If the interface is submitted by the Post, it is relatively troublesome, you need to use the form to submit the interface.

<form action="" id="CSRF" method="post">
    <input name="comment" value="attack" type="hidden">

How to defend

There are several rules for defending against CSRF:

  1. Get request does not modify the data
  2. Do not allow third-party websites to access user cookies
  3. Block third-party website request interfaces
  4. Request verification information, such as verification code or token


The SameSite attribute can be set on cookies. This attribute sets the cookie not to be sent along with cross-domain requests. This attribute can greatly reduce the CSRF attack, but this attribute is currently not compatible with all browsers.

Verify Referer

For requests that need protection against CSRF, we can verify the Referer to determine if the request was initiated by a third-party website.

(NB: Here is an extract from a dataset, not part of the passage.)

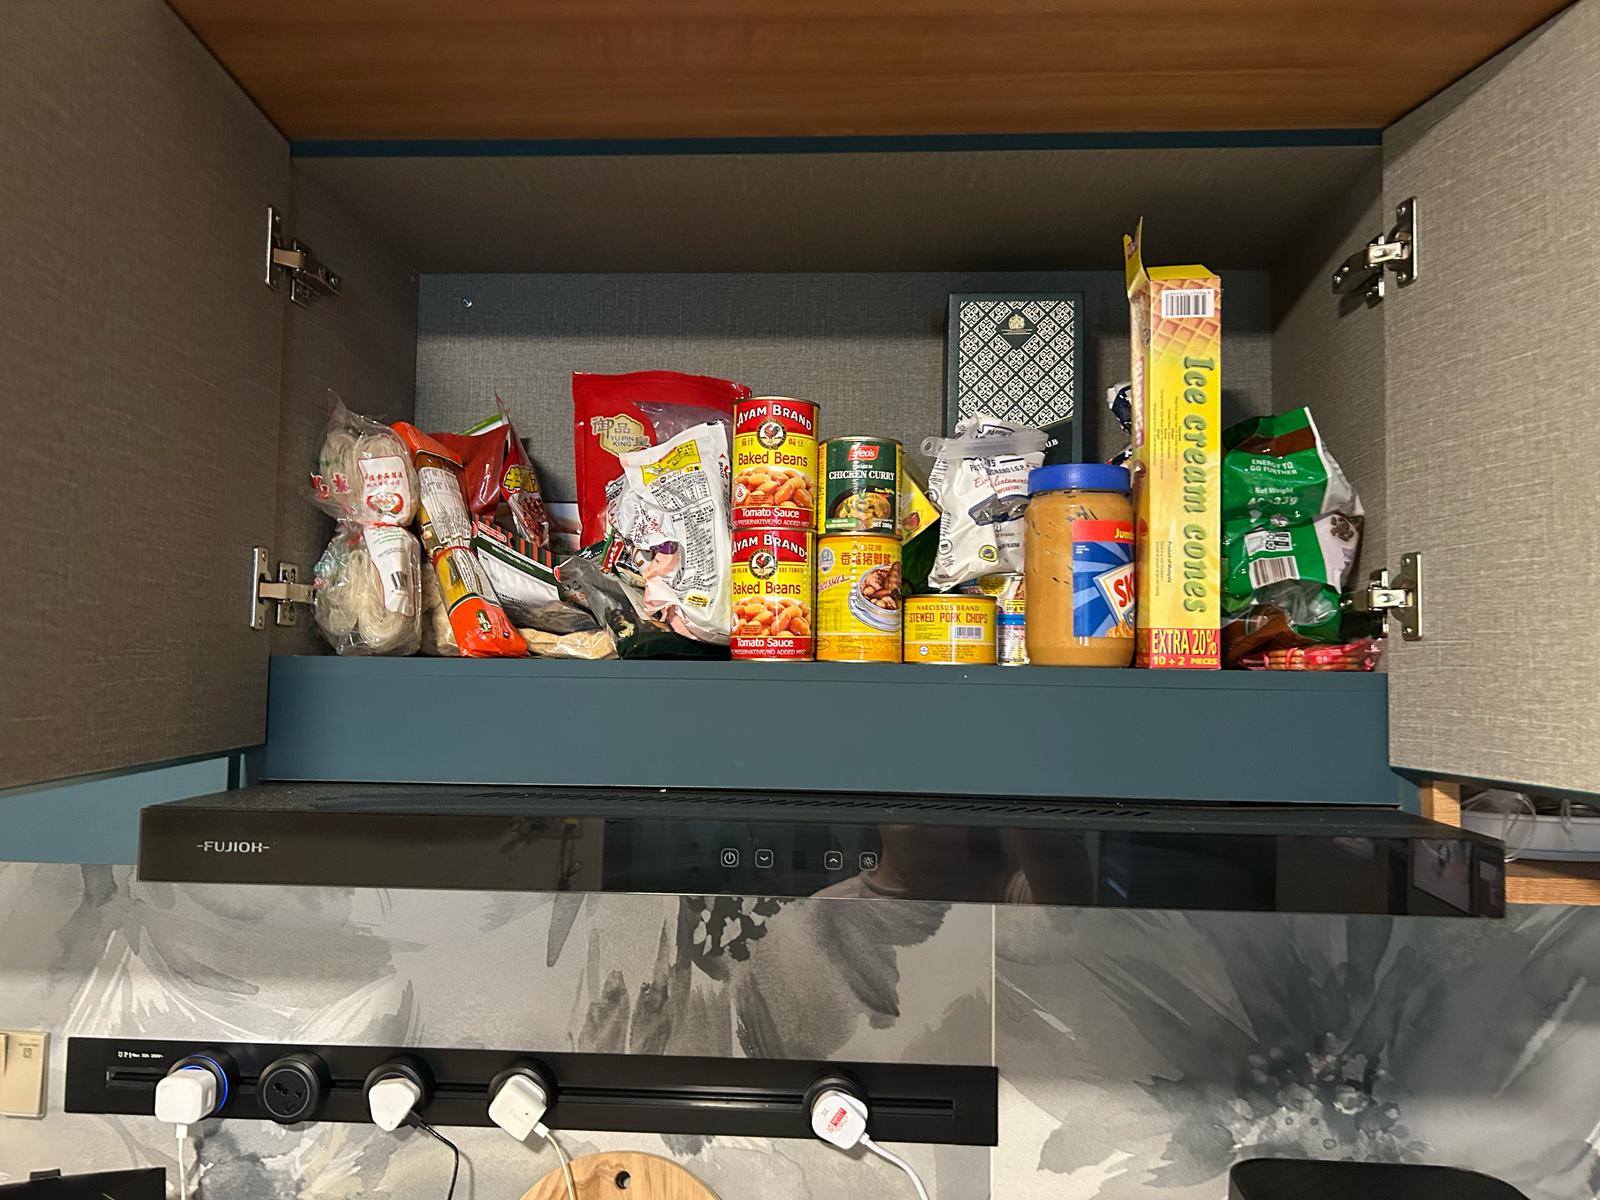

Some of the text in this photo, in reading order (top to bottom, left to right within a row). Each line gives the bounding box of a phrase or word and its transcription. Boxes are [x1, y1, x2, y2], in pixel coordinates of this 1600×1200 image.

The server sends a random Token (the algorithm cannot be complex). The Token is carried on each request, and the server verifies that the Token is valid.

Password security

Although password security is mostly a back-end thing, as a good front-end programmer, you need to be familiar with this knowledge.

Add salt

For password storage, it must be stored in the database in the clear, otherwise, once the database is leaked, it will cause great losses to the user. And it is not recommended to encrypt the password only by the encryption algorithm because of the rainbow table relationship.

It is usually necessary to add salt to the password and then perform several encryptions with different encryption algorithms.

It is often necessary to add a salt to the password and then encrypt it several times with different encryption algorithms.

// Adding salt means adding a string to the original password and increasing the length of the original password.
sha256(sha1(md5(salt + password + salt)))

But adding salt does not prevent others from stealing accounts. It only ensures that even if the database is compromised, the user's real password will not be exposed. Once the attacker gets the user's account, the password can be cracked by brute force. In this case, a verification code is usually used to increase the delay or limit the number of attempts. And once the user enters the wrong password, the user cannot directly prompt the user to enter the wrong password, but should prompt the account or password to be incorrect.